MeSH Keywords: Aortic Stenosis, Subvalvular; Hemodynamics; Ventricular Outflow Obstruction
Background
Both aortic stenosis (AS) and left ventricular outflow tract (LVOT) obstruction can cause a pressure gradient along the LVOT [1–3]. To determine the origin of a pressure gradient using echocardiography is difficult when these 2 disorders coexist, and the interference caused by these 2 stenotic diseases is still not well understood. Here, we describe a case of a 60-year-old female patient who presented with AS accompanied by asymmetrical interventricular septum (IVS) hypertrophy. Simultaneous intracardiac pressure measurements revealed that AS was the main cause of the pressure gradient, and denied the coexistence of LVOT obstruction.
Case Report
A 60-year-old female was referred with occasional chest discomfort that tended to occur with physical exertion. The patient had hypertension that was under treatment with amlodipine 5 mg daily and valsartan 80 mg daily. She had undergone a partial gastrectomy to treat gastric cancer at the age of 42 years, and neurosurgical clipping of a ruptured cerebral aneurysm that had caused a subarachnoid hemorrhage at the age of 55 years. A physical examination revealed the following: height of 160 cm; weight of 44 kg; blood pressure of 142/72 mmHg; and a regular pulse of 72 beats per minute. The chest was without rales, but a grade 4 systolic murmur was audible at the right upper sternal border. Laboratory findings showed that N-terminal-pro B-type natriuretic peptide had increased to 456 pg/mL. Chest radiography findings were essentially normal (cardio-thoracic ratio, 45%) (Figure 1A). Electrocardiography revealed sinus rhythm, but voltage criteria indicated left ventricular hypertrophy (Figure 1B).
Figure 1.
Chest radiography (A) and 12-lead electrocardiogram (B) at the first patient visit. Chest radiography findings were essentially normal: cardio-thoracic ratio was 45%. Electrocardiography revealed sinus rhythm at a rate of 91 beat per minutes, but voltage criteria indicated left ventricular hypertrophy.

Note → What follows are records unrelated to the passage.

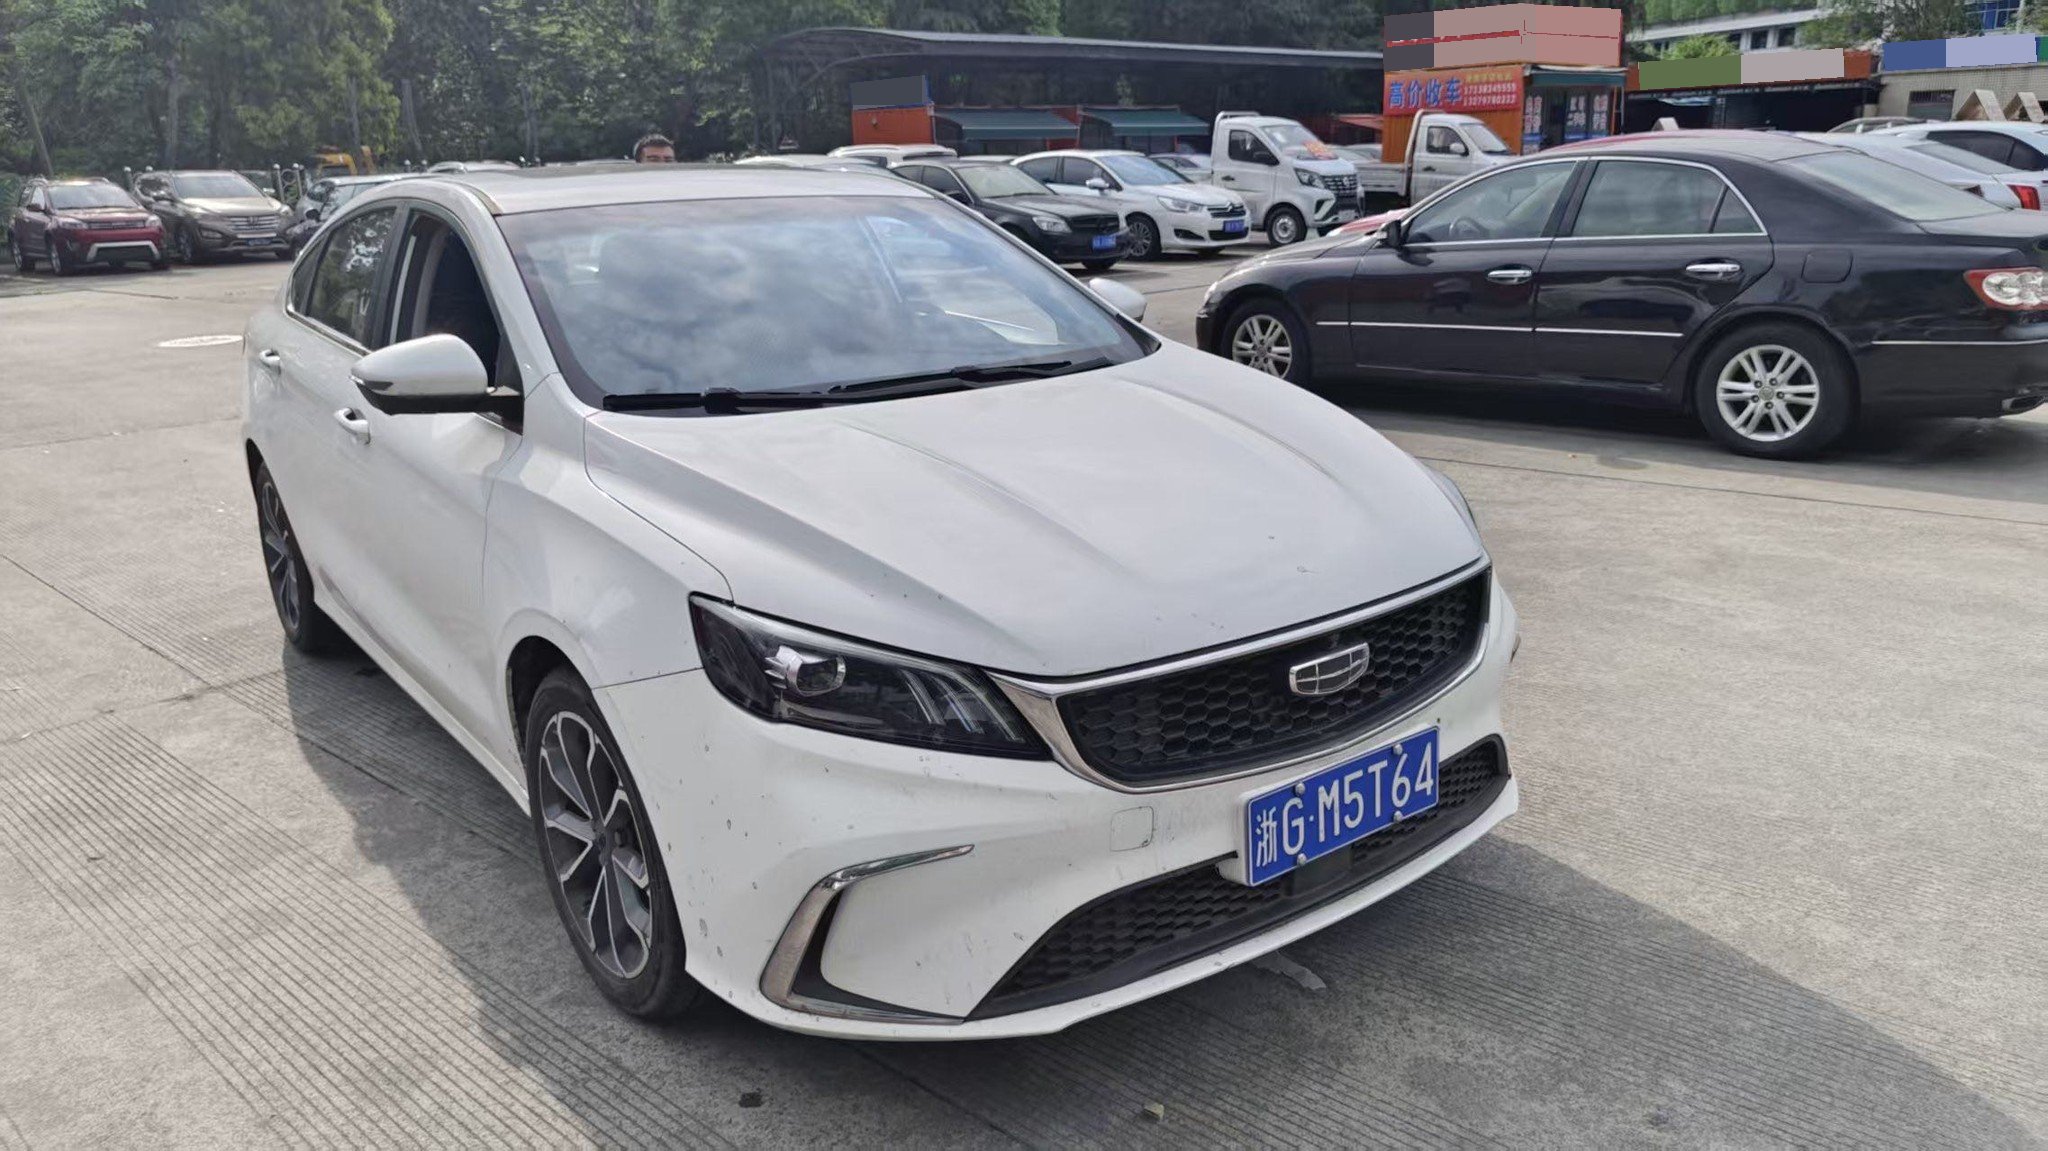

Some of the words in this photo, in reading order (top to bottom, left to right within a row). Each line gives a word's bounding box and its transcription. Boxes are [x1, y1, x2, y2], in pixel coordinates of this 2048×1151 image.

[1389, 79, 1462, 108] 高价收车
[1256, 742, 1434, 867] 浙G·M5T64
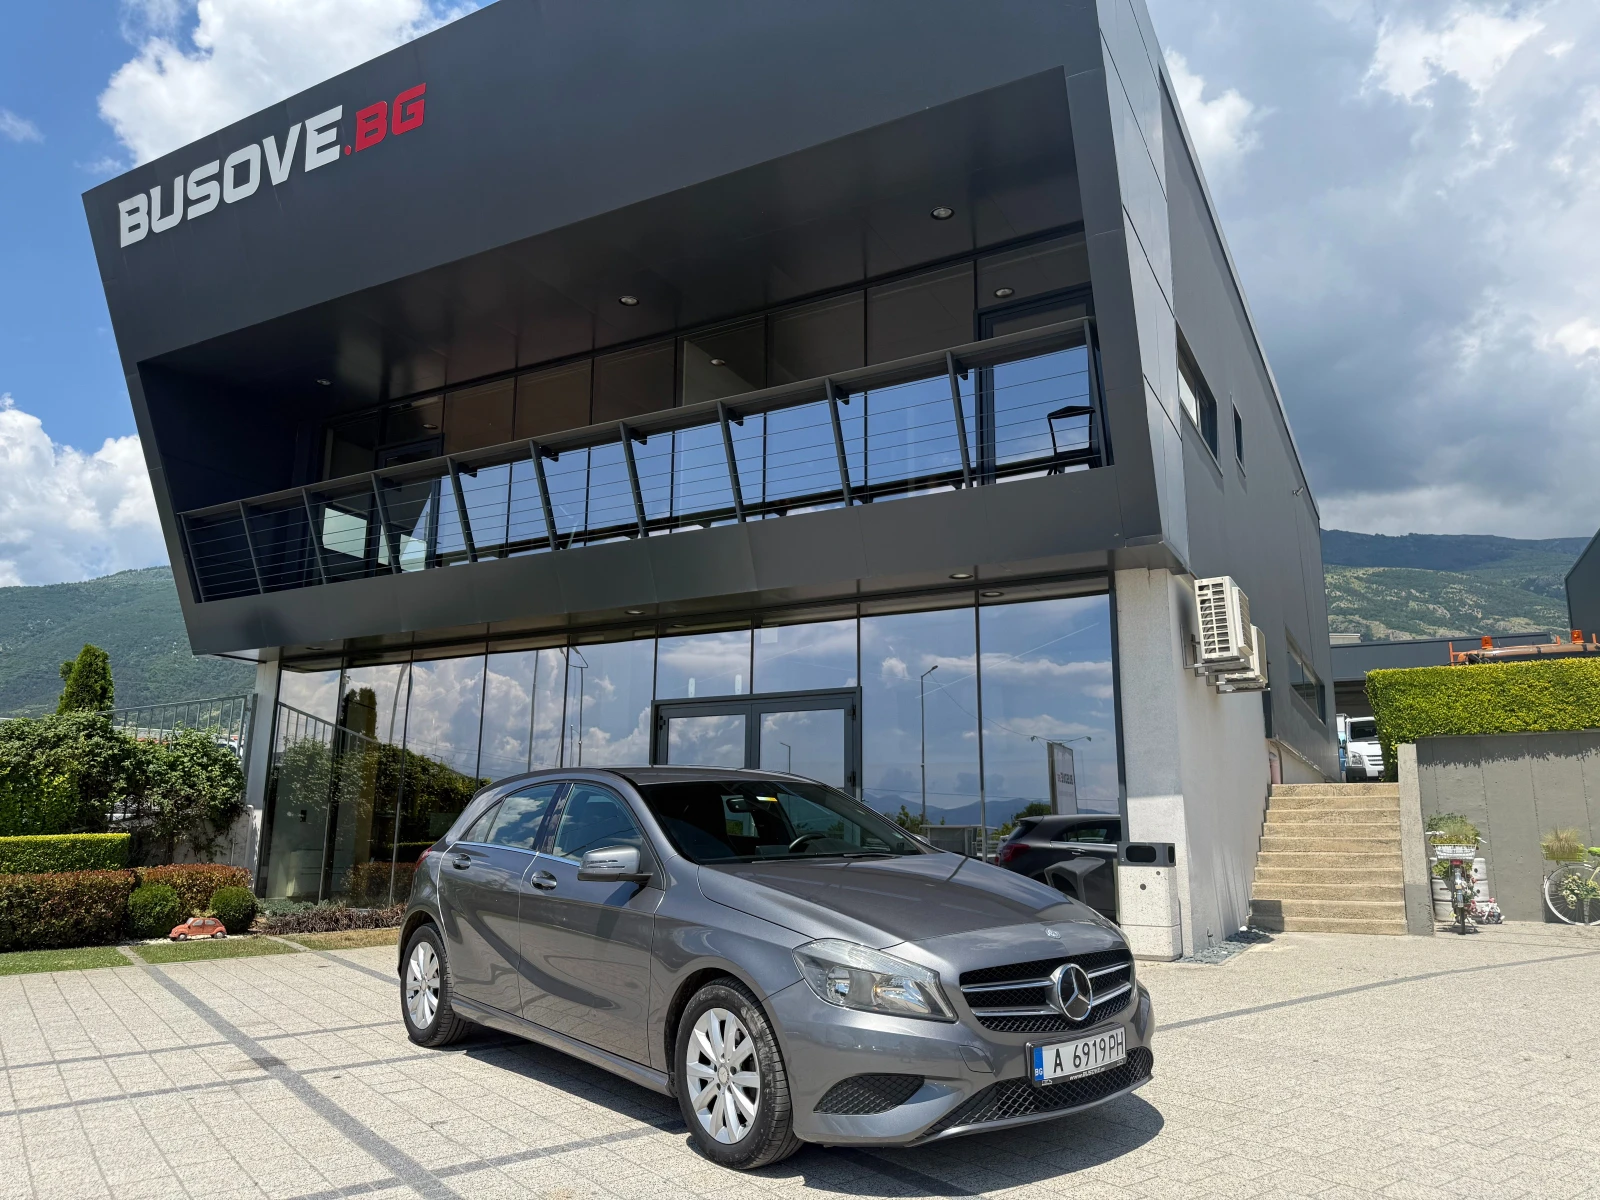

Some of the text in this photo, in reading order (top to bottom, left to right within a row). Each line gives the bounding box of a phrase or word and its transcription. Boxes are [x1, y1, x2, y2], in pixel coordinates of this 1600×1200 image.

[118, 82, 427, 248] BUSOVE.BG
[1034, 1068, 1043, 1076] BG
[1053, 1048, 1064, 1073] A
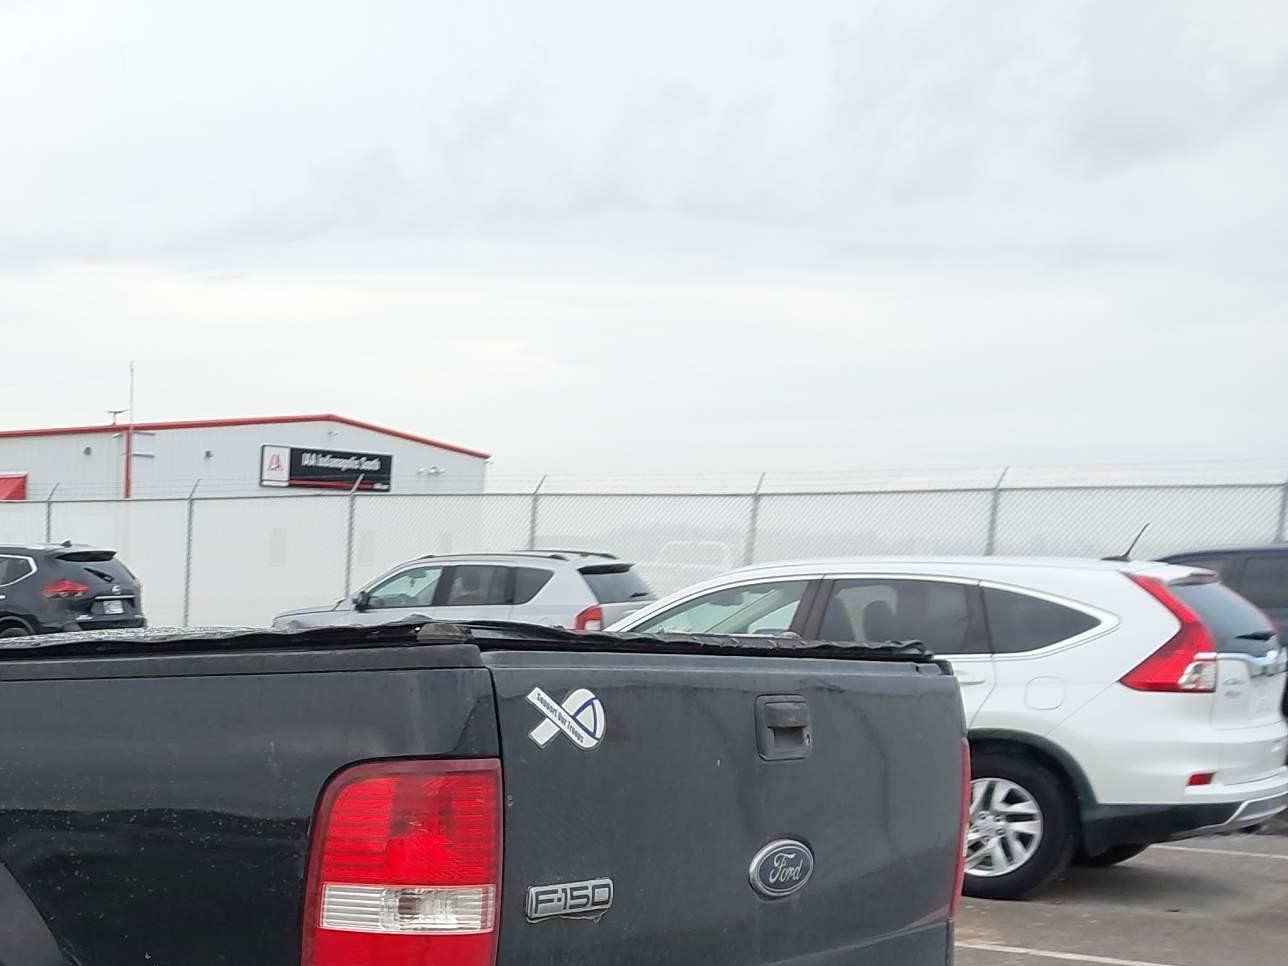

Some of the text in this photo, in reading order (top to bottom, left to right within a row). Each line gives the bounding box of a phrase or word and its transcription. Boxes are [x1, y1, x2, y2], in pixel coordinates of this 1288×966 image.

[535, 693, 558, 718] Support
[566, 720, 585, 744] Troops
[769, 852, 804, 884] Ford

Transthoracic (TTE) and transesophageal echocardiography (TEE) revealed AS and asymmetrical hypertrophy of the basal IVS (Figure 2A, 2B). The IVS and the LV posterior wall were 18 mm and 11 mm thick, respectively. The area of the aortic valve calculated by planimetry from a TEE image was 0.60 cm2 (Figure 2C). Continuous-wave Doppler recordings from the LV apex along a line oriented through the aortic valve showed a high velocity wave with a round contour and an earlier peak. The peak velocity was 4.1 m/s, and maximal and mean pressure gradient values were 67.1 mmHg and 41.3 mmHg, respectively (Figure 2D). On the other hand, a mosaic flow pattern was observed in the LVOT, and continuous-wave Doppler recording in a direction slightly shifted by the aforementioned showed dagger-shaped wave with a late systolic peak velocity of 3.0 m/s (Figure 2E). Systolic anterior motion of anterior mitral leaflet was not observed.
Figure 2.
Transthoracic echocardiography of parasternal long-axis view (A), and transesophageal echocardiography of mid-esophageal aortic valve long-axis view (B), and short-axis view (C) before the operation. Continuous-wave Doppler recorded from the LV apex with the interrogation being directed through the left ventricular tract (D, E). Transthoracic echocardiography of parasternal long-axis view after the operation (F). There was a LVOT narrowing due to asymmetrical hypertrophy of basal intraventricular septum (A, B). The AVA was calculated as 0.60 cm2 by planimetry (C). The continuous-wave Doppler recordings from the LV apex along a line oriented through the aortic valve showed a peak velocity of 4.1 m/s, maximum pressure gradient of 67.1 mmHg, and mean pressure gradient of 41.3 mmHg (D). The continuous-wave Doppler recordings in a direction slightly shifted by that in D showed dagger-shaped wave with a late systolic peak velocity of 3.0 m/s (E). After the operation, the LVOT disappeared (F). LVOT – left ventricular outflow tract; AVA – aortic valve area.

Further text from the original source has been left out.